_The problem:_
An exact transcription of the records is required, minus any images.

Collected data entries
Segment Open

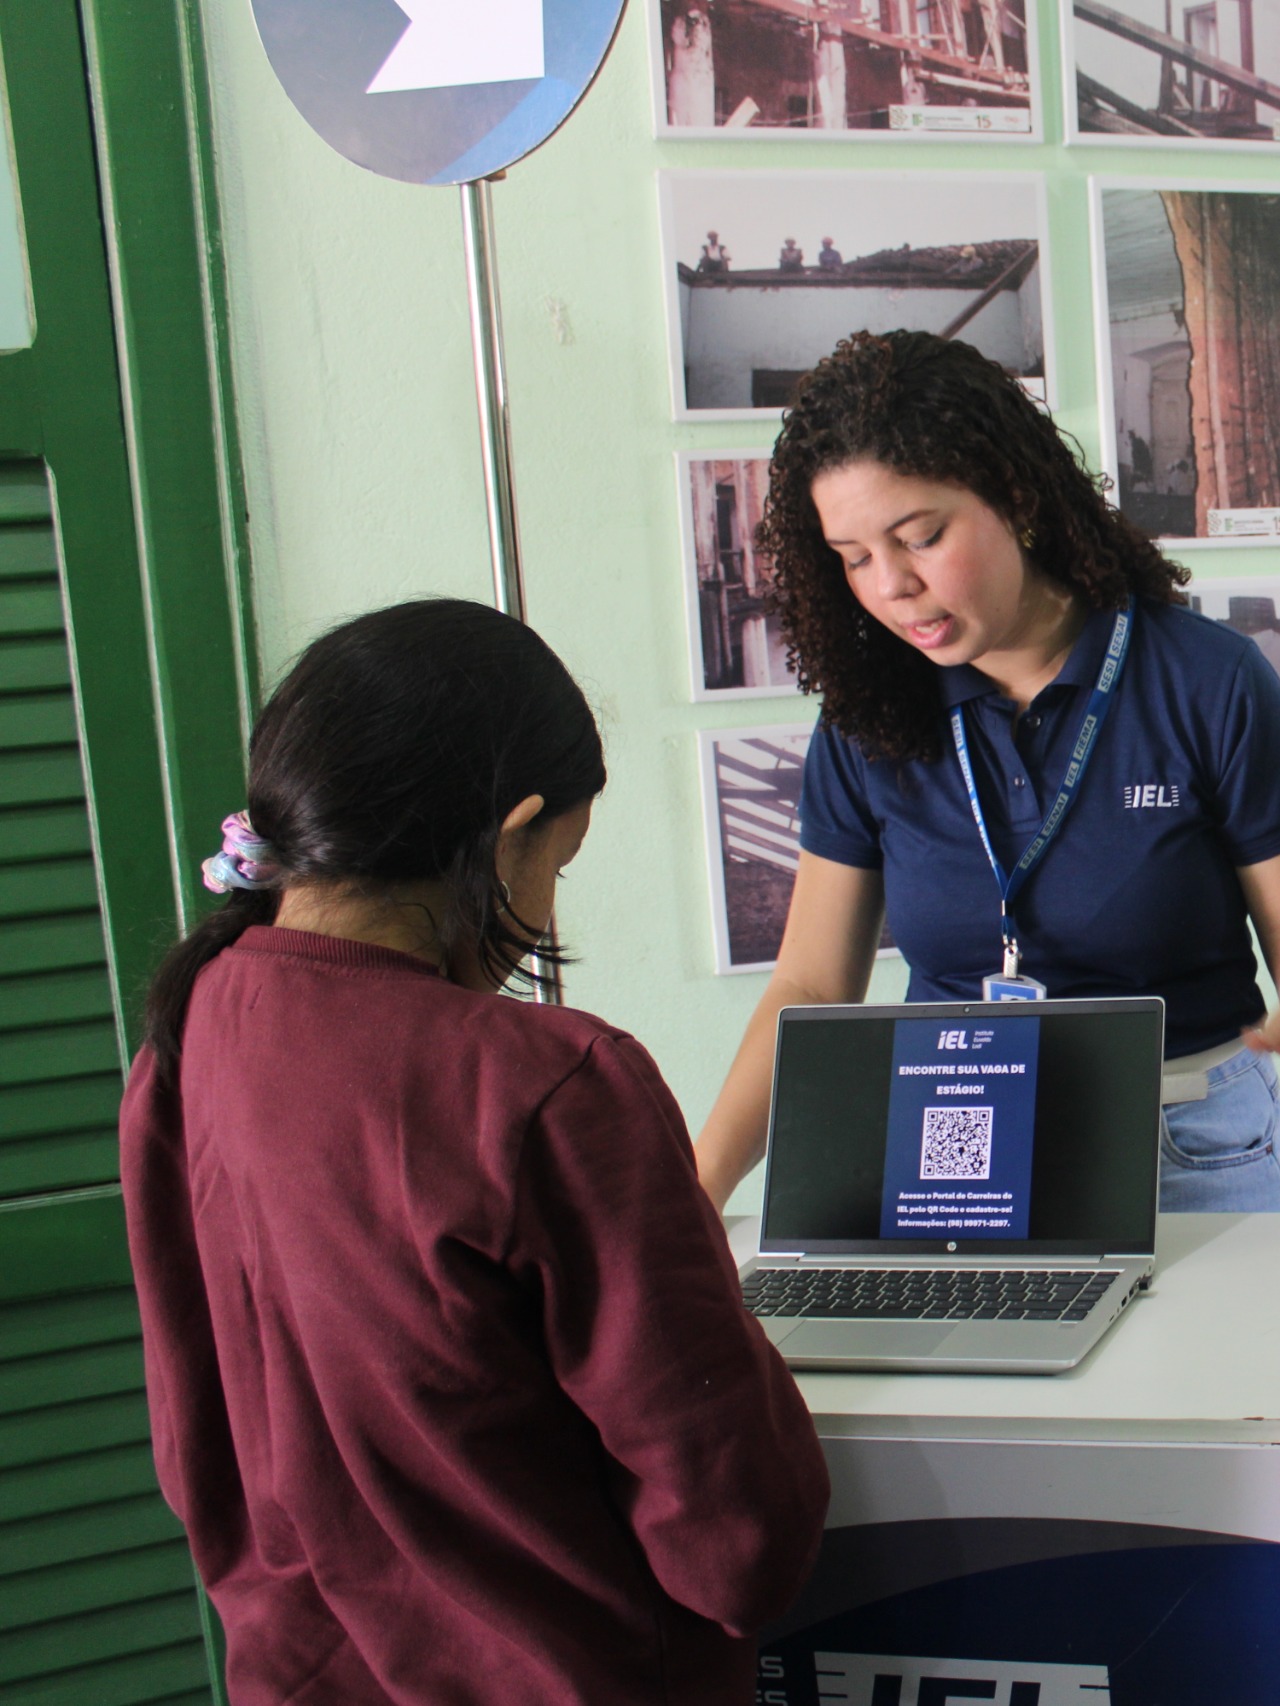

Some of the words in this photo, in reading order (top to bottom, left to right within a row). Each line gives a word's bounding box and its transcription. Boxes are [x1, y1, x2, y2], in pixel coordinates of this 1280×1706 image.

[1100, 662, 1116, 691] SESI
[1111, 617, 1128, 655] SENAI
[1043, 795, 1067, 835] SENAI
[1066, 764, 1078, 785] IEL
[1075, 718, 1095, 757] FIEMA
[1132, 784, 1173, 809] IEL
[898, 1065, 956, 1076] ENCONTRE
[957, 1065, 980, 1075] SUA
[980, 1064, 1009, 1074] VAGA
[1010, 1064, 1026, 1074] DE
[936, 1083, 985, 1095] ESTÁGIO!
[899, 1192, 926, 1200] Acesse
[932, 1192, 955, 1200] Portal
[967, 1192, 1001, 1200] Carreiras
[897, 1205, 909, 1213] IEL
[909, 1206, 926, 1215] pelo
[927, 1205, 938, 1214] QR
[939, 1205, 959, 1213] Code
[966, 1205, 1013, 1213] cadastre-se!
[897, 1219, 946, 1228] Informações:

Segment Closed

_Task answer:_
Some of the words in this photo, in reading order (top to bottom, left to right within a row). Each line gives a word's bounding box and its transcription. Boxes are [x1, y1, x2, y2], in pixel coordinates of this 1280×1706 image.

[1100, 662, 1116, 691] SESI
[1111, 617, 1128, 655] SENAI
[1043, 795, 1067, 835] SENAI
[1066, 764, 1078, 785] IEL
[1075, 718, 1095, 757] FIEMA
[1132, 784, 1173, 809] IEL
[898, 1065, 956, 1076] ENCONTRE
[957, 1065, 980, 1075] SUA
[980, 1064, 1009, 1074] VAGA
[1010, 1064, 1026, 1074] DE
[936, 1083, 985, 1095] ESTÁGIO!
[899, 1192, 926, 1200] Acesse
[932, 1192, 955, 1200] Portal
[967, 1192, 1001, 1200] Carreiras
[897, 1205, 909, 1213] IEL
[909, 1206, 926, 1215] pelo
[927, 1205, 938, 1214] QR
[939, 1205, 959, 1213] Code
[966, 1205, 1013, 1213] cadastre-se!
[897, 1219, 946, 1228] Informações:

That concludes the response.